The prescribed method was followed, the beneficiary was changed, and the change of beneficiary was indorsed upon the policy. The original designation of beneficiary and the provisions of the policy relating to a change of beneficiary were both a part of the insurance contract. Equitable Life Assur. Soc. v. McElroy (C.C.A. 8th) 83 F. 631, 641; McKinney v. Fidelity Mut. L. Ins. Co. 270 Mo. 305, 193 S.W. 564; Reid v. Durboraw (C.C.A. 4th) 272 F. 99; Cooley, Briefs on Insurance, 6424; 37 C.J. 585. When the change of beneficiary had been accomplished in accordance with the contract, the indorsement of the change became a part of the contract and the new beneficiary became entitled to the insurance proceeds "by the terms" of the policy. Any other construction of the contract would be contrary to the reasoning underlying the many decisions of this court in which § 8719, supra, has been construed. In Anderson v. Northern  Dakota Trust Co. *Page 576 67 N.D. 458, 468, 274 N.W. 127, summarizing the import of these decisions, we said, that the avails of a life insurance policy made payable to the personal representatives of the deceased, his heirs or estate "passed to the heirs at law of the insured by contract and not by descent and that the effect of the statute was to render such insurance policy payable to the person or persons who at the time of the death of the insured were his heirs at law under the laws of succession the same as though their names had been written into the insurance policy as beneficiaries."

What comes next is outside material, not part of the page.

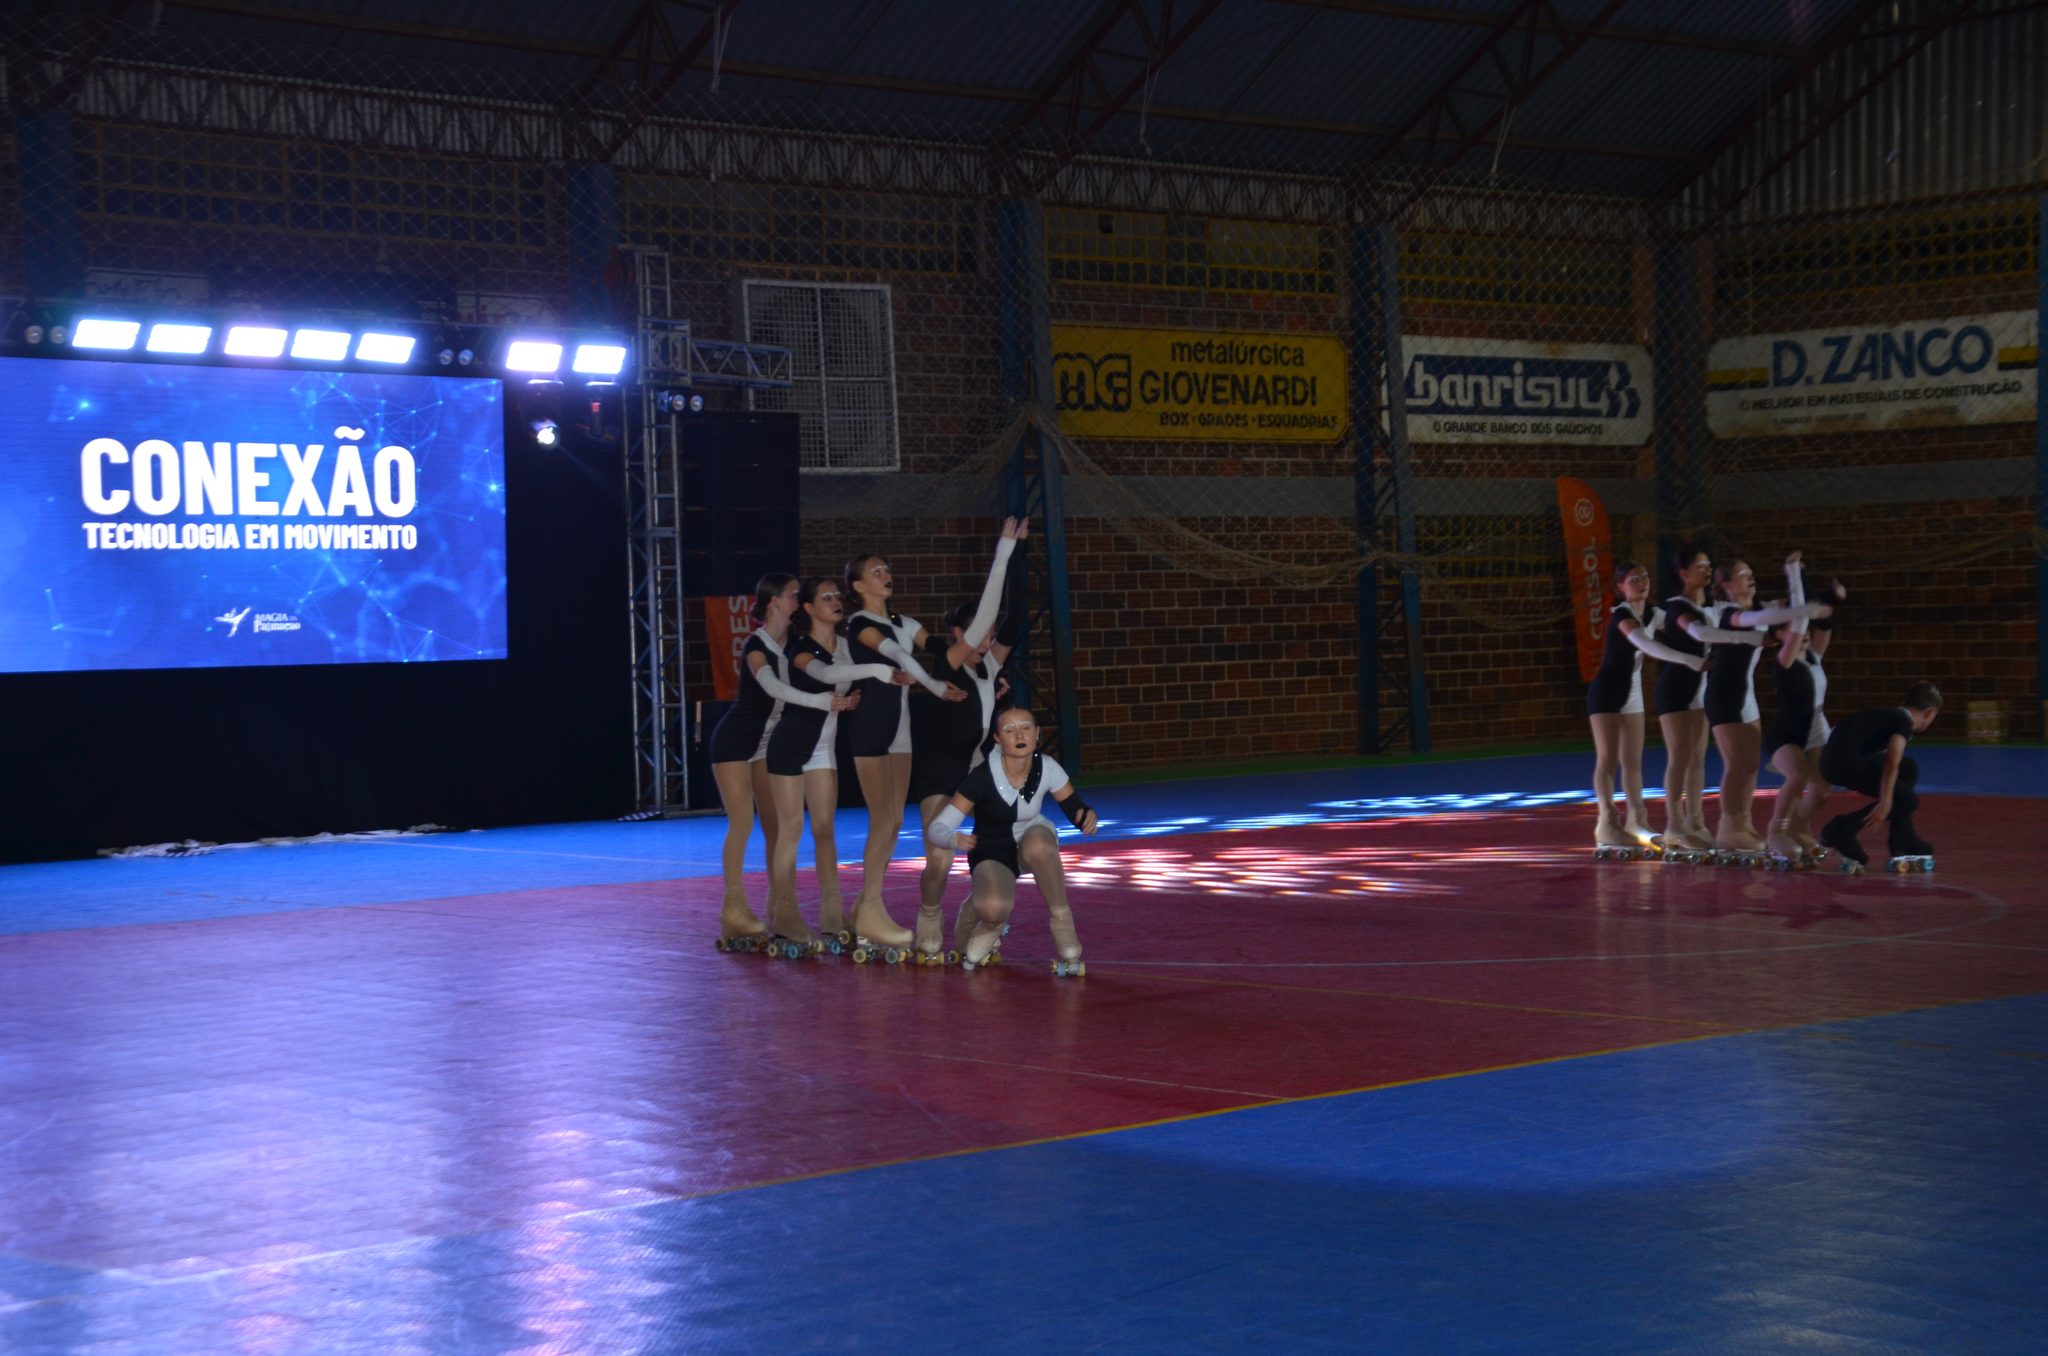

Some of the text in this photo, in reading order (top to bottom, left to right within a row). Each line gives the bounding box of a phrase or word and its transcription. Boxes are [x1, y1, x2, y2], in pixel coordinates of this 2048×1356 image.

No one would have questioned the right of the plaintiffs to receive the avails of this insurance policy had plaintiffs been specifically named as beneficiaries in the indorsement of change of beneficiary. As surviving heirs at law of the insured they are entitled to the proceeds of the policy, which, although originally made payable to a mercantile establishment, was later, through a change of beneficiary, made payable to the personal representatives of the insured. Under § 8719, supra, and the decisions of this court, such a change would have precisely the same effect as if plaintiffs had been designated as beneficiaries by name. We therefore adhere to our original decision.
NUESSLE, Ch. J., and MORRIS, CHRISTIANSON, and BURR, JJ., concur.